Genesis 9:26: ...Blessed is יהוה the God of Shem: "Who is destined to keep His promise to [Shem's] offspring to give them the Land of Canaan" and he shall be: "Canaan shall be to them as a servant to pay tribute."
Genesis 9:27: and Canaan shall be a slave to them.: "Even after the children of Shem will be exiled slaves will be sold to them from the Children of Canaan." [Rashi explaining why the curse is repeated.]
Origins of the misnomer
In the past, some people have claimed the "curse of Ham" as a biblical justification for imposing slavery or racism on Black people, although this concept is essentially an ideologically driven misnomer. Regarding this matter, the Christian leader Martin Luther King Jr. called such attempt "a blasphemy" that "is against everything that the Christian religion stands for."
Early Judaism and Islam
While Genesis 9 never says that Ham was black, he became associated with black skin, through folk-etymology deriving his name from a similar, but actually unconnected, word meaning "dark" or "brown". The next stage, are certain fables according to ancient Jewish traditions. According to one legend preserved in the Babylonian Talmud, God cursed Ham because he broke a prohibition on sex aboard the ark and was "was smitten in his skin"; according to another, Noah cursed him because he castrated his father. Although the Talmud refers only to Ham, the version brought in the Medrash goes on further to say "Ham, that Cush came from him" in reference to the blackness, that the curse did not apply to all of Ham but only to his eldest son Cush, Cush being a sub-Saharan African. Thus two distinct traditions existed, one explaining dark skin as the result of a curse on Ham, the other explaining slavery by the separate curse on Canaan.

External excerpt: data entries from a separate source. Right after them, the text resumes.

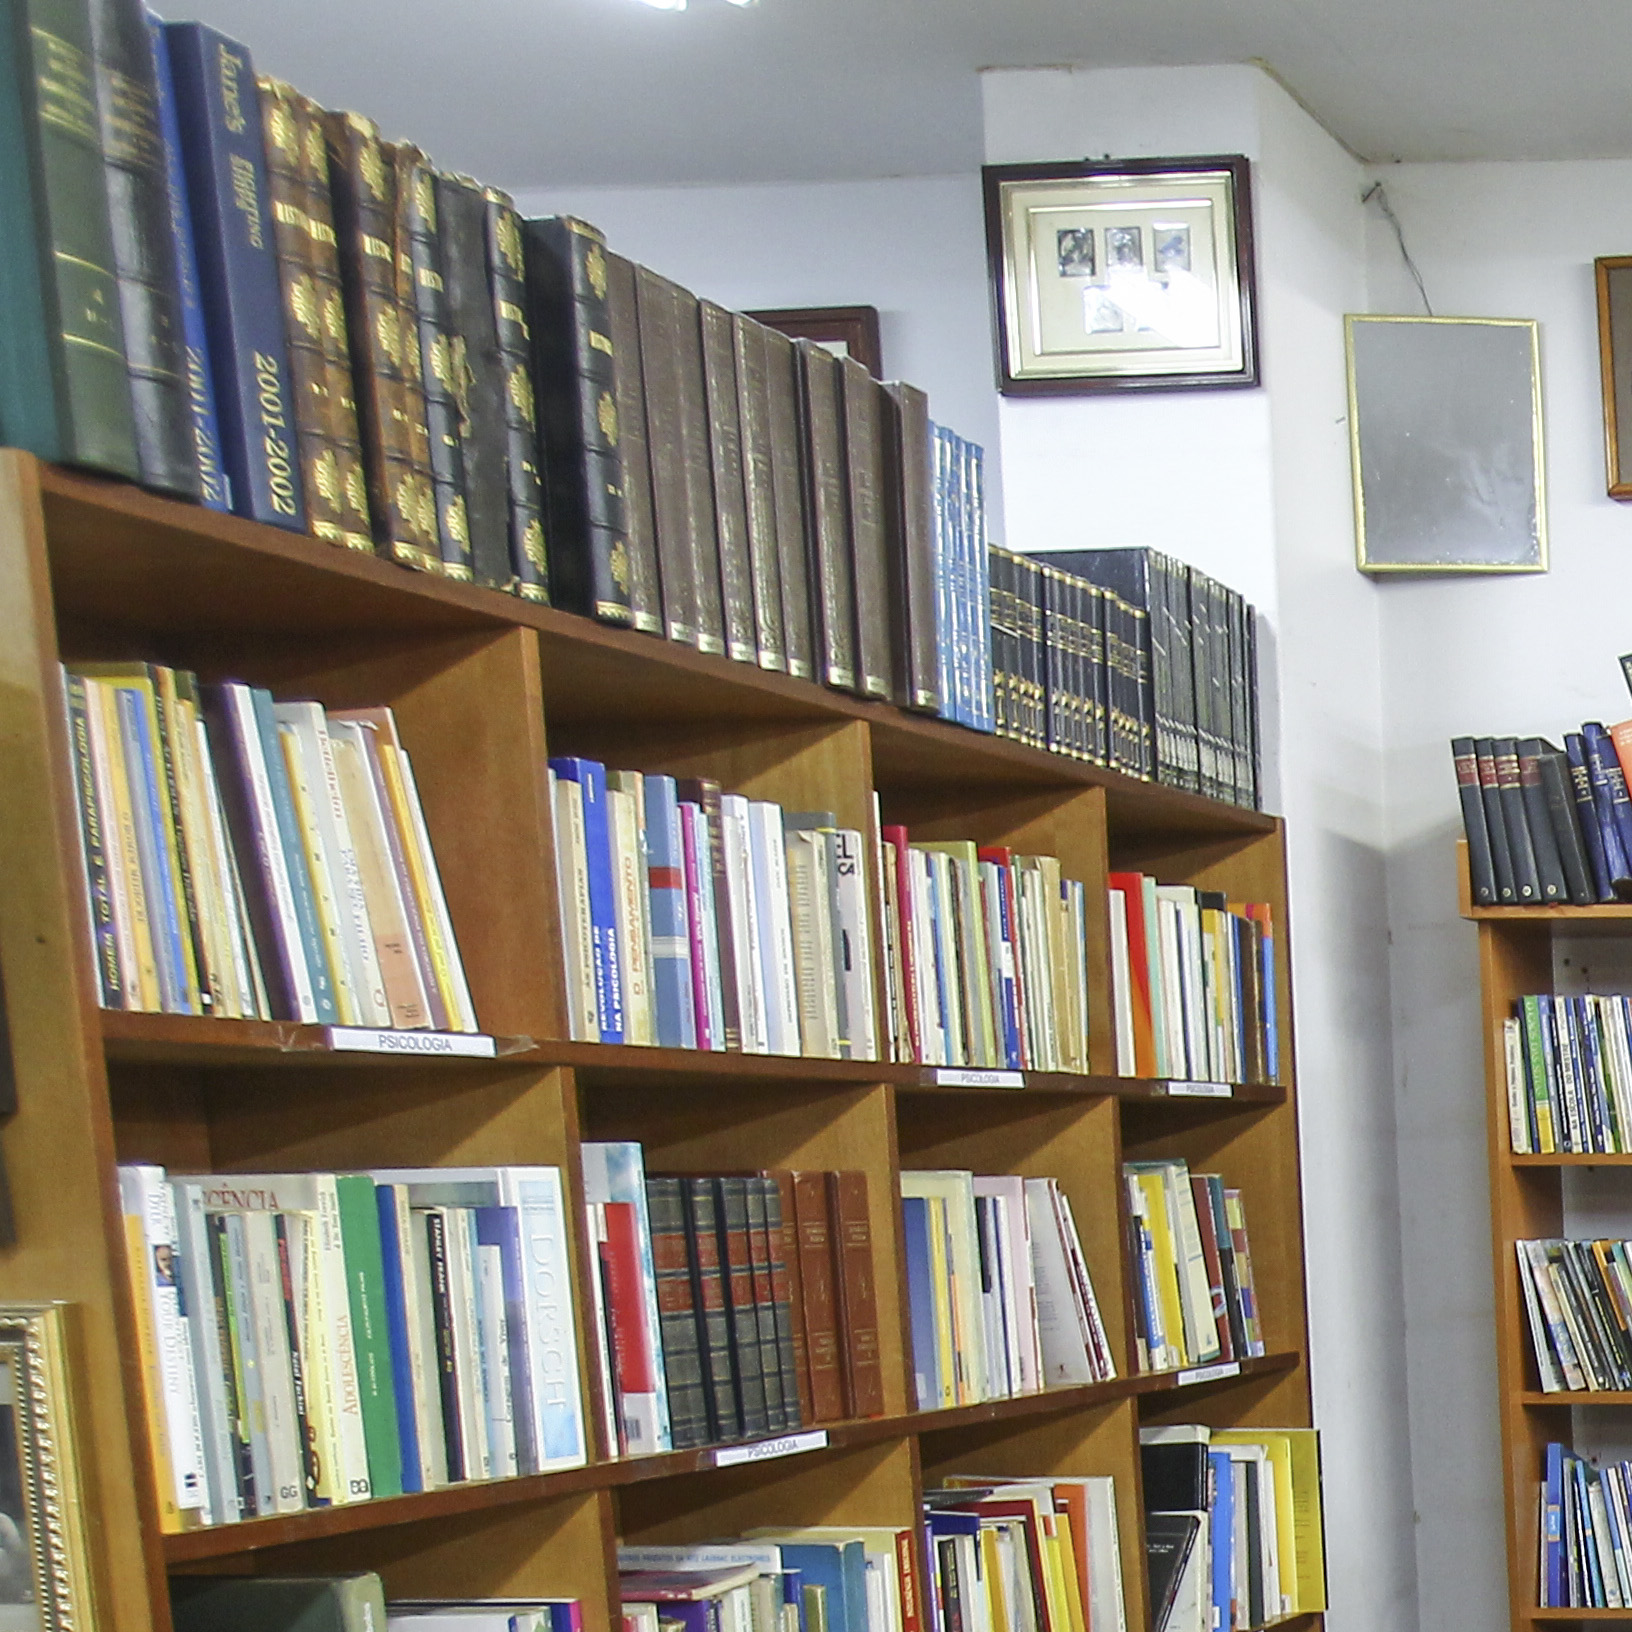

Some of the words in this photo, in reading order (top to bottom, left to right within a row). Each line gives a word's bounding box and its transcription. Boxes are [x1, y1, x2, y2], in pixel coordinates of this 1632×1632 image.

[218, 44, 246, 135] Jane's
[254, 351, 296, 517] 2001-2002
[378, 1034, 453, 1052] PSICOLOGIA
[530, 1232, 569, 1410] DORSCH
[748, 1438, 798, 1459] PSICOLOGIA

The two concepts may have become merged in the 7th century by some Muslim writers, the product of a culture with a long history of enslaving black Africans; the origin and persistence of the "Curse of Ham", in which Ham, blackness and slavery became a single curse, was thus the result of Islam's need for a justifying myth. Many mediaeval Muslim authorities including Muhammad ibn Jarir al-Tabari, Ibn Khaldun, and even the later Book of the Zanj all asserted the view that the effects of Noah's curse on Ham's descendants included blackness, slavery, and a requirement not to let the hair grow past the ears. This is despite the fact that the account of the drunkenness of Noah is not included in the Qur'an. Islam holds that prophets of God are infallible.
However, an independent interpretation of the curse being imposed on all of the descendants of Ham persisted in Judaism, especially since the other children of Ham were situated in the African continent, i.e. Mizraim fathered the Egyptians, Cush the Cushites, and Phut the Libyans.
Medieval serfdom and 'Pseudo-Berossus'
In medieval Christian exegesis, Ham's sin was regarded as laughter (for mocking his father and doing nothing to rectify his condition).
Elsewhere in Medieval Europe, the "Curse of Ham" also became used as a justification for serfdom. Honorius Augustodunensis (c. 1100) was the first recorded to propose a caste system associating Ham with serfdom, writing that serfs were descended from Ham, nobles from Japheth, and free men from Shem. However, he also followed the interpretation of 1 Corinthians 7:21 by Ambrosiaster (late 4th century), which held that as servants in the temporal world, these "Hamites" were likely to receive a far greater reward in the next world than would the Japhetic nobility.
The idea that serfs were the descendants of Ham soon became widely promoted in Europe. An example is Dame Juliana Berners (c. 1388), who, in a treatise on hawks, claimed that the "churlish" descendants of Ham had settled in Europe, those of the temperate Shem in Africa, and those of the noble Japheth in Asia – a departure from normal arrangements, which placed Shem in Asia, Japheth in Europe and Ham in Africa – because she considered Europe to be the "country of churls", Asia of gentility, and Africa of temperance. As serfdom waned in the late medieval era, the interpretation of serfs being descendants of Ham decreased as well.
Ham also figured in an immensely influential work called Commentaria super opera diversorum auctorum de antiquitatibus. In 1498, Annius of Viterbo claimed to have translated records of Berossus, an ancient Babylonian priest and scholar; which are today usually considered an elaborate forgery. However, they gained great influence over Renaissance ways of thinking about population and migration, filling a historical gap following the biblical account of the flood. According to this account, Ham studied the evil arts that had been practiced before the flood, and thus became known as "Cam Esenus" (Ham the Licentious), as well as the original Zoroaster and Saturn (Cronus). He became jealous of Noah's additional children born after the deluge, and began to view his father with enmity, and one day, when Noah lay drunk and naked in his tent, Ham saw him and sang a mocking incantation that rendered Noah temporarily sterile, as if castrated. This account contains several other parallels connecting Ham with Greek myths of the castration of Uranus by Cronus, as well as Italian legends of Saturn and/or Camesis ruling over the Golden Age and fighting the Titanomachy. Ham in this version also abandoned his wife who had been aboard the ark and had mothered the African peoples, and instead married his sister Rhea, daughter of Noah, producing a race of giants in Sicily.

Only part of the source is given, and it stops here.